Tracy von Ahsen’s work moves through the architecture of identity, presence, and choice. Her analog collages, built from familiar symbols — chairs, curtains, fashion relics — shape spaces where selfhood is fluid and mythic. These images aren't static scenes; they’re psychic spaces, layered with memory, style, and the constant invitation to shift reality.

Working with the tactile immediacy of hand-cut collage, von Ahsen filters fashion, nostalgia, and pop language through a deeply intuitive lens. Her feminine figures are stripped of performance, stepping beyond personality into raw presence — not faceless, but in a state of choosing. She pulls from her history — New York City’s friction and freedom, spiritual awakenings in India and Peru and childhood rituals of survival on Long Island, weaving it all into dreamlike, cinematic narratives.

At the core, her work asks: How much of the life we inherit do we keep? How much do we cut and reassemble into something new?
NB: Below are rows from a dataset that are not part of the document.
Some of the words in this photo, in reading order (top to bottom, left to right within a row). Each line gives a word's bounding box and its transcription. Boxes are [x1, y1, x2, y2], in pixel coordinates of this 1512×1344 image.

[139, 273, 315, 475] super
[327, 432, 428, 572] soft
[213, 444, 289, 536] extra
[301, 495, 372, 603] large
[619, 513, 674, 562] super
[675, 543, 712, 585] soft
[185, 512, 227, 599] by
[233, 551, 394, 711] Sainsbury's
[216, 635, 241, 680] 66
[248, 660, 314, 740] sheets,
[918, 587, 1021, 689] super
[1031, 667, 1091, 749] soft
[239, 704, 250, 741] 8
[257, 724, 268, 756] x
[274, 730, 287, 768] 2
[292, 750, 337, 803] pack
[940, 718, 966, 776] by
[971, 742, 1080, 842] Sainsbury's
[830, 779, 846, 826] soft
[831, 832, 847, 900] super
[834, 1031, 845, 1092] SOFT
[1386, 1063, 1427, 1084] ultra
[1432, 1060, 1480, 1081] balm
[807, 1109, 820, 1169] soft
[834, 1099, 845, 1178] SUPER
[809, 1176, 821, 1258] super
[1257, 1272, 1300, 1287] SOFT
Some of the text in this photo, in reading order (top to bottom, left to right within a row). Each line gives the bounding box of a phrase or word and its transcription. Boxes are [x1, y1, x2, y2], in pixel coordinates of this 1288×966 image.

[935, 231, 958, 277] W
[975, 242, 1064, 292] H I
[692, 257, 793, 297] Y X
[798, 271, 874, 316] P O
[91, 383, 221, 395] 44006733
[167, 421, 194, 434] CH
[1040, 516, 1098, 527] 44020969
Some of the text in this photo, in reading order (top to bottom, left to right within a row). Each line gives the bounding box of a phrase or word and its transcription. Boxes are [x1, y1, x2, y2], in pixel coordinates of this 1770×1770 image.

Each collage becomes a portal, a constructed reality, where transformation isn't a metaphor — it’s the material.

Bio

Tracy von Ahsen (b. 1981, Long Island, NY) is a New York City–based artist whose work collages presence, memory, and self-reinvention. After earning a photography degree from the Fashion Institute of Technology and living at the iconic Chelsea Hotel, she transitioned from photography to analog collage — cutting, layering, and reimagining symbols of identity, femininity, and spirituality.

Von Ahsen’s work is shaped by personal transformation: her navigation through addiction, recovery, queer identity, and spiritual awakening. Her studies with monks in India, ceremonies in Peru’s Sacred Valley, and years immersed in New York’s downtown art scene form the undercurrent of her practice.

Fusing pop culture, vintage aesthetics, and mystical storytelling, her pieces channel the surreal textures of city life, while inviting a quieter dialogue about the nature of reality and personal mythmaking.

She has exhibited work in NYC at Amos Eno Gallery, Van Der Plas Gallery the Leslie-Lohman Museum, and Prince Street Project Space. She continues to create from her studio in the East Village.